O próprio Jensen Huang, fundador e CEO da NVIDIA, celebrou o momento: “As vendas da Blackwell dispararam e as GPUs para nuvem estão esgotadas. Entramos no círculo virtuoso da IA”. Para ele, a adoção massiva de IA em diferentes setores mostra que “a computação está se multiplicando em velocidade exponencial”.
Blackwell, parcerias estratégicas e a nova era da computação acelerada
A arquitetura NVIDIA Blackwell segue no centro dessa expansão.

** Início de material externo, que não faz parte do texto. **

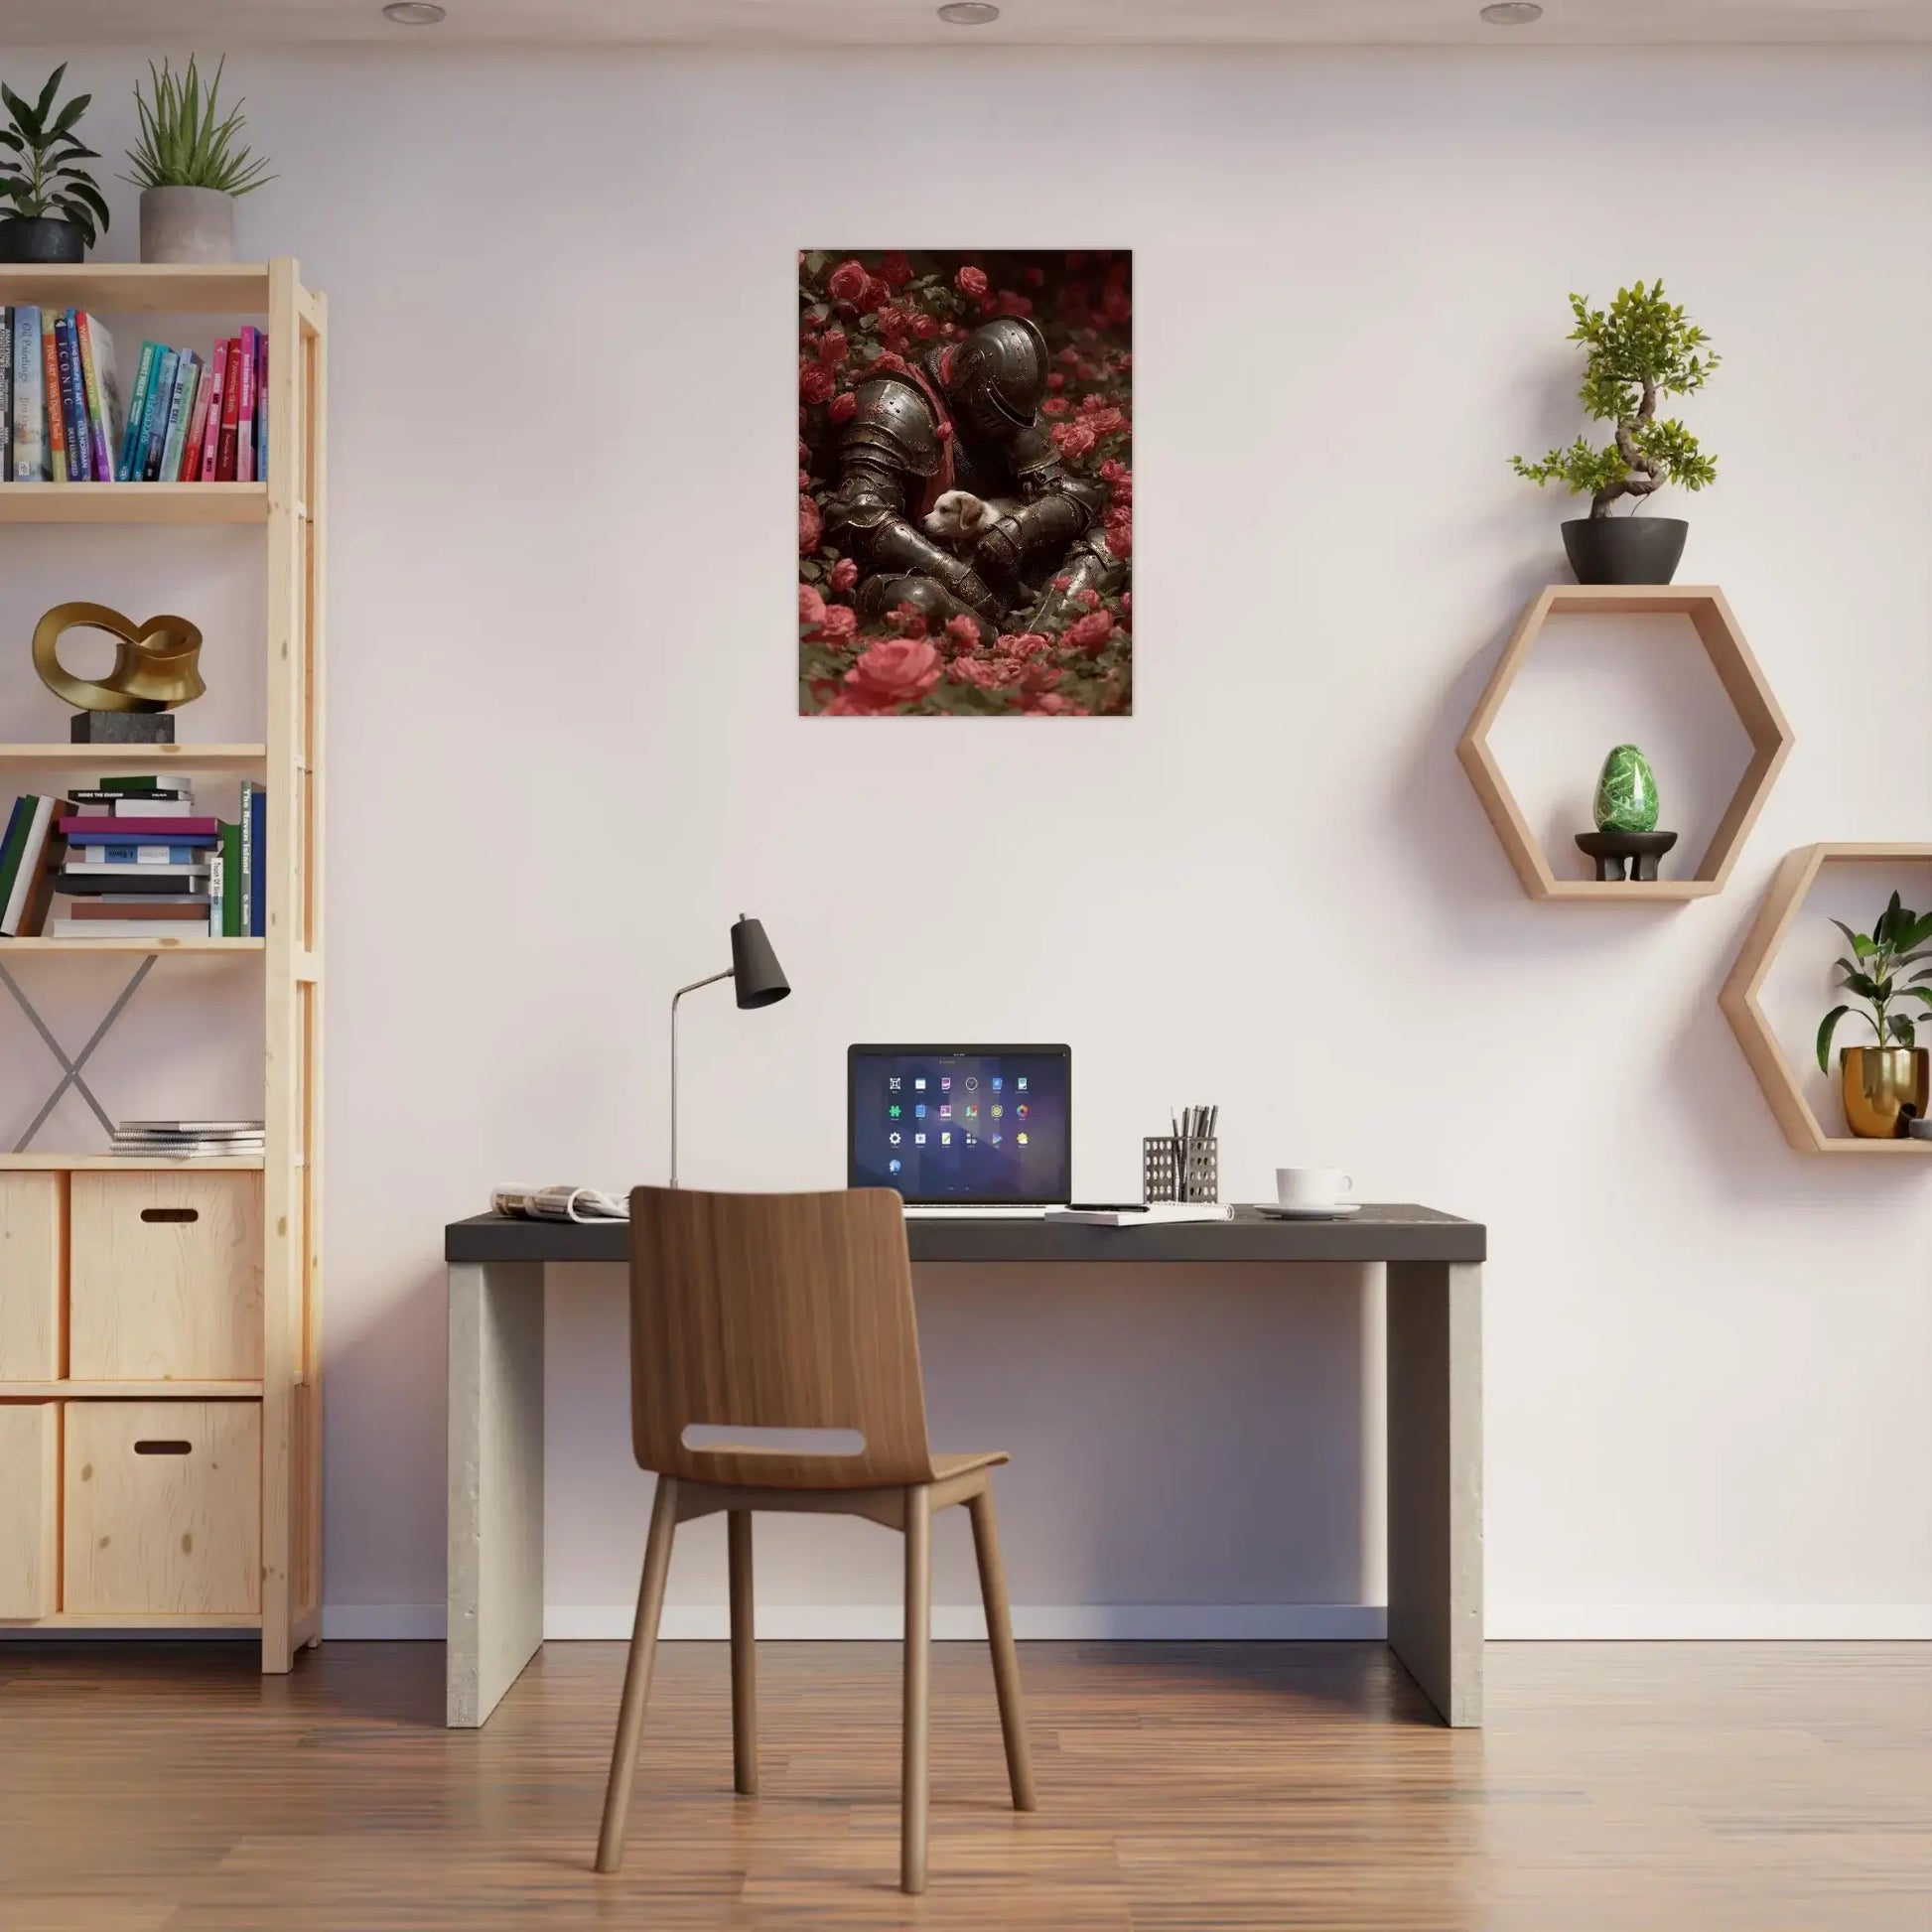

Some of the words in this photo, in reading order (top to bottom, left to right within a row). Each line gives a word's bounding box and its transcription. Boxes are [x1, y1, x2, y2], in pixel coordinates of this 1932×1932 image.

[19, 340, 31, 383] Paintings
[48, 362, 57, 376] ART
[58, 342, 72, 406] ICONIC
[228, 360, 238, 394] Parenting
[49, 382, 58, 399] With
[50, 399, 60, 421] Digital
[226, 394, 237, 414] Skills
[212, 861, 221, 878] Touch
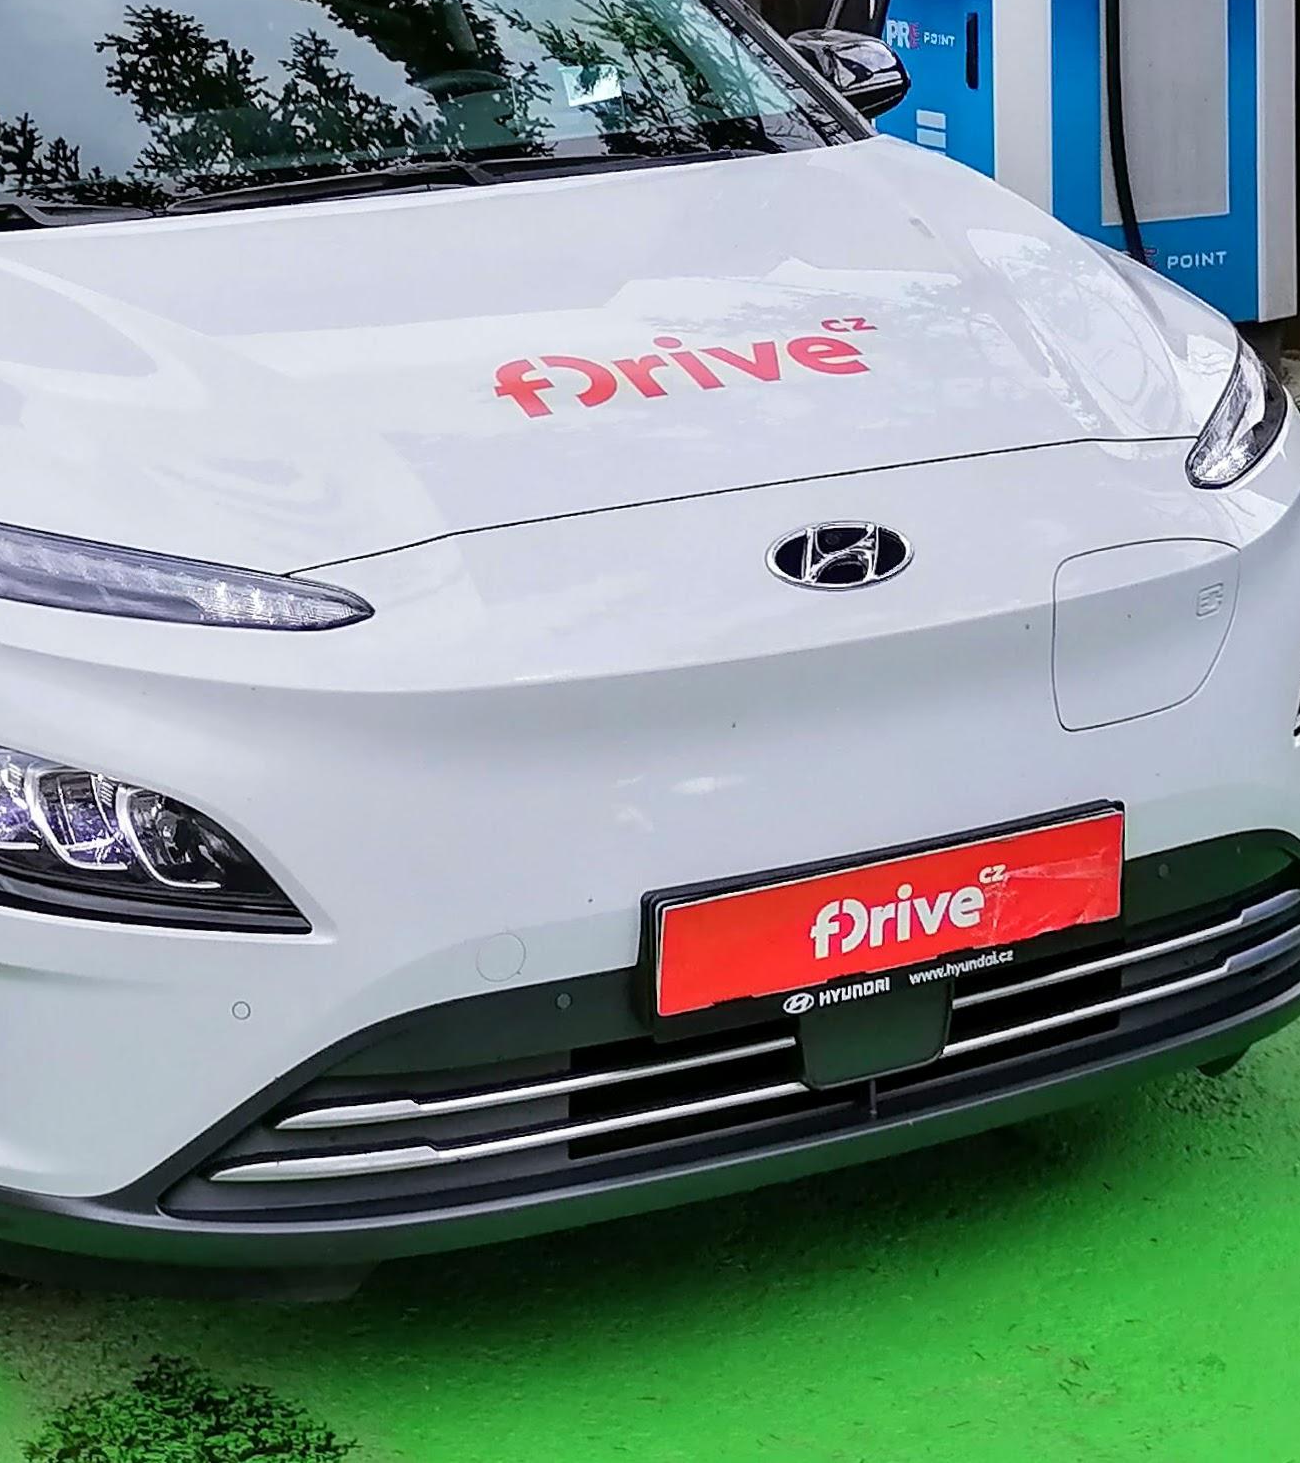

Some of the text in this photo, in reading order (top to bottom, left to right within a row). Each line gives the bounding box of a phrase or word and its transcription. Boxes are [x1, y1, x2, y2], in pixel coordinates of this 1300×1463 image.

[923, 31, 956, 48] POINT
[1167, 250, 1228, 270] POINT
[818, 949, 1015, 1008] HYUNDAI www.hyundai.cz
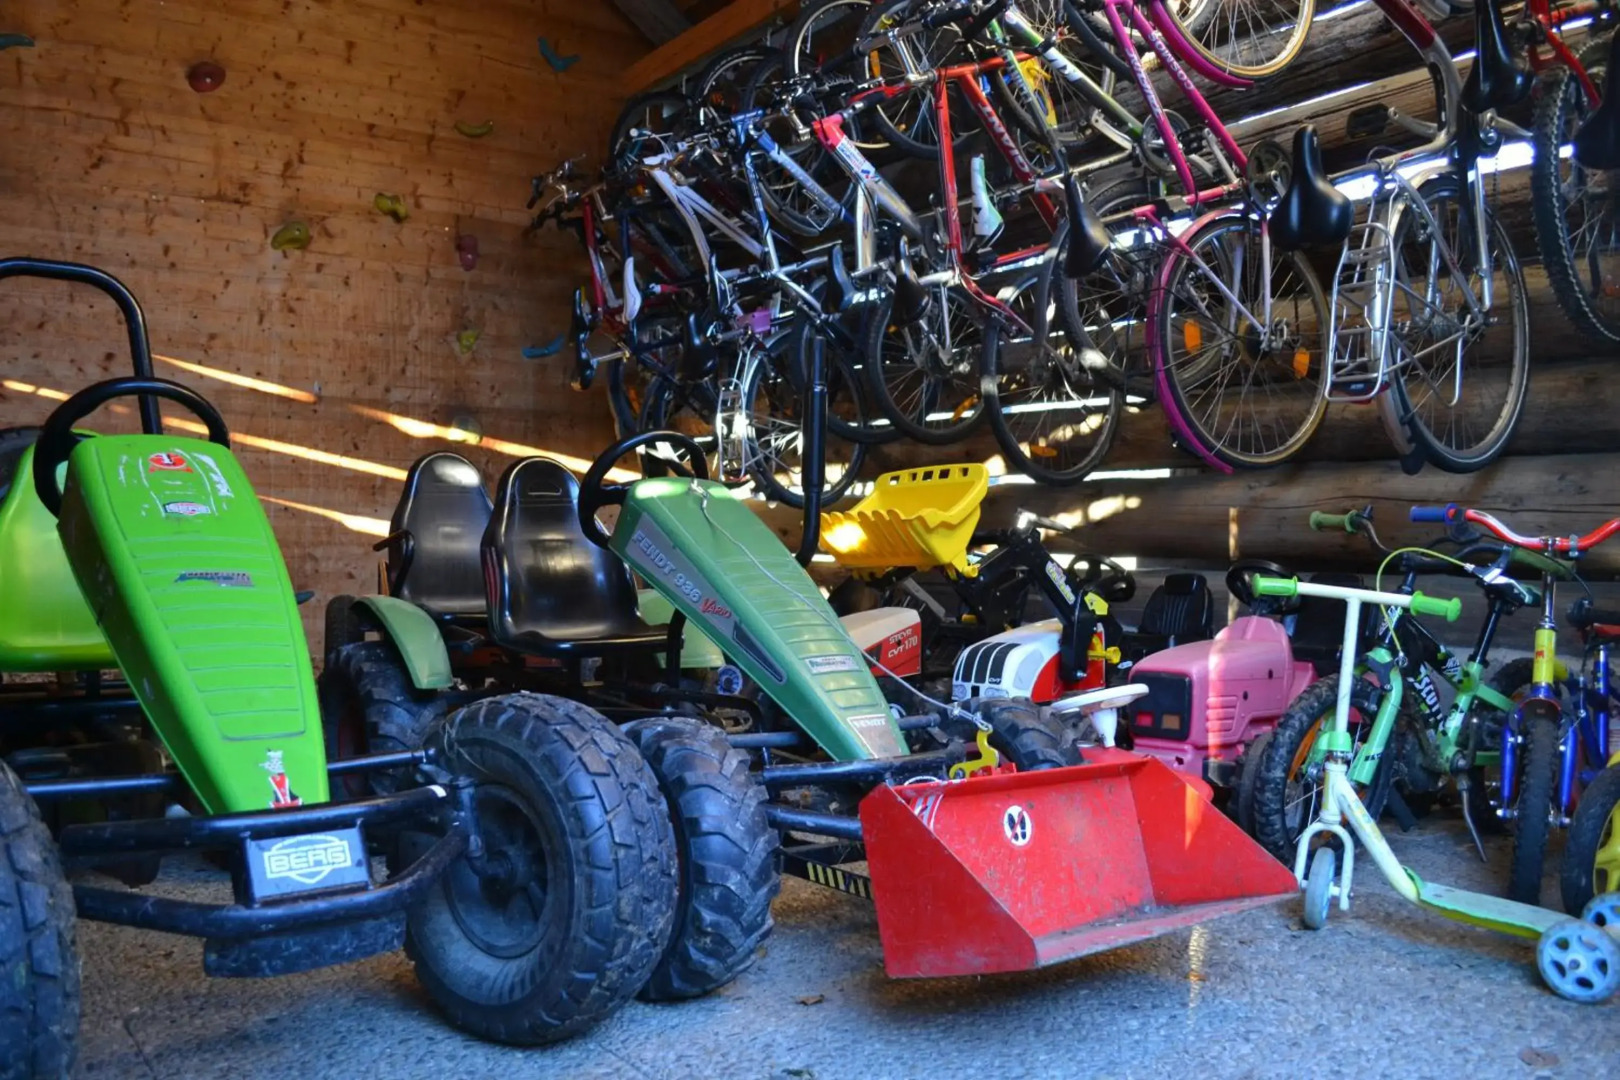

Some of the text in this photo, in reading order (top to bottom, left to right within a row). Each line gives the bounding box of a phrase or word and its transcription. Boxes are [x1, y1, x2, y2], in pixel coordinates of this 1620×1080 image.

[1148, 33, 1195, 90] COSMOS
[978, 103, 1030, 173] GIANT
[632, 529, 676, 575] FENDT
[887, 635, 918, 658] CVT 170
[270, 847, 347, 874] BERG

No benchmark SemiAnalysis InferenceMAX, ela registrou dez vezes mais rendimento por megawatt em comparação à geração anterior — um salto que impacta desde empresas de cloud até laboratórios de pesquisa.
Entre os anúncios do trimestre, alguns destaques reforçam o domínio da empresa no ecossistema de IA:
- Aliança estratégica com a OpenAI, que implantará ao menos 10 gigawatts de sistemas NVIDIA em sua próxima geração de infraestrutura.
- Expansão de infraestrutura nos EUA com Google Cloud, Microsoft, Oracle e xAI, utilizando centenas de milhares de GPUs NVIDIA.
- Anthropic passa a operar sua tecnologia em sistemas da empresa, começando com 1 gigawatt de capacidade em plataformas Grace Blackwell e Vera Rubin.
- Colaboração com a Intel para criar múltiplas gerações de produtos personalizados usando NVLink.
- Sete novos supercomputadores acelerados pela NVIDIA, entre eles o Solstice (100 mil GPUs Blackwell) e o Equinox (10 mil GPUs).
- Primeira wafer Blackwell produzida nos EUA, em parceria com a TSMC no Arizona.
- Rubin CPX, uma nova classe de GPU para processamento de contextos em larga escala.
- Parcerias com Nokia, Booz Allen, Cisco, MITRE, ODC e T-Mobile para impulsionar o avanço rumo ao 6G.
- Expansão da infraestrutura de IA na Coreia do Sul, com suporte de Hyundai, Samsung, SK Group e NAVER Cloud — mais de 250 mil GPUs.
É um movimento que deixa claro que o mercado global entrou em uma fase de escalar IA a níveis antes impensáveis e a NVIDIA está em todos os pontos da cadeia.
Visualização profissional e automotivo seguem em alta
Além dos data centers, outros segmentos também avançaram:
Visualização profissional
O setor fechou o trimestre com US$ 760 milhões, alta de 26% em relação ao trimestre anterior e 56% na comparação anual.
A empresa iniciou ainda a distribuição do NVIDIA DGX Spark, considerado o menor supercomputador de IA do mundo, entregando computação acelerada em um formato compacto.
Automotivo
A área rendeu US$ 592 milhões, crescimento de 32% na comparação anual.
Um dos anúncios que mais chamaram atenção foi a parceria com a Uber, que a partir de 2027 planeja expandir sua rede de mobilidade autônoma de nível 4 para 100 mil veículos.
Para Marcio Aguiar, diretor da divisão Enterprise da NVIDIA na América Latina, o momento da IA na região é de aceleração: “As organizações estão ampliando suas iniciativas com nossas plataformas de computação acelerada, e essa evolução só tende a crescer”.
O que esperar da NVIDIA no próximo trimestre
A empresa estima receita de US$ 65 bilhões no quarto trimestre, com variação de aproximadamente ±2%, reforçando que a demanda por soluções de IA segue em pleno crescimento.
Em relação aos acionistas, a NVIDIA já devolveu US$ 37 bilhões em recompras e dividendos nos nove primeiros meses do ano fiscal e ainda possui US$ 62,2 bilhões autorizados para novos programas.
O próximo dividendo trimestral, de US$ 0,01 por ação, será pago em 26 de dezembro de 2025.
Com recordes sucessivos, novos supercomputadores, parcerias que moldam o futuro da IA e uma demanda global que não desacelera, a NVIDIA mostra que o jogo da computação acelerada está longe de estabilizar e que sua liderança segue mais forte do que nunca.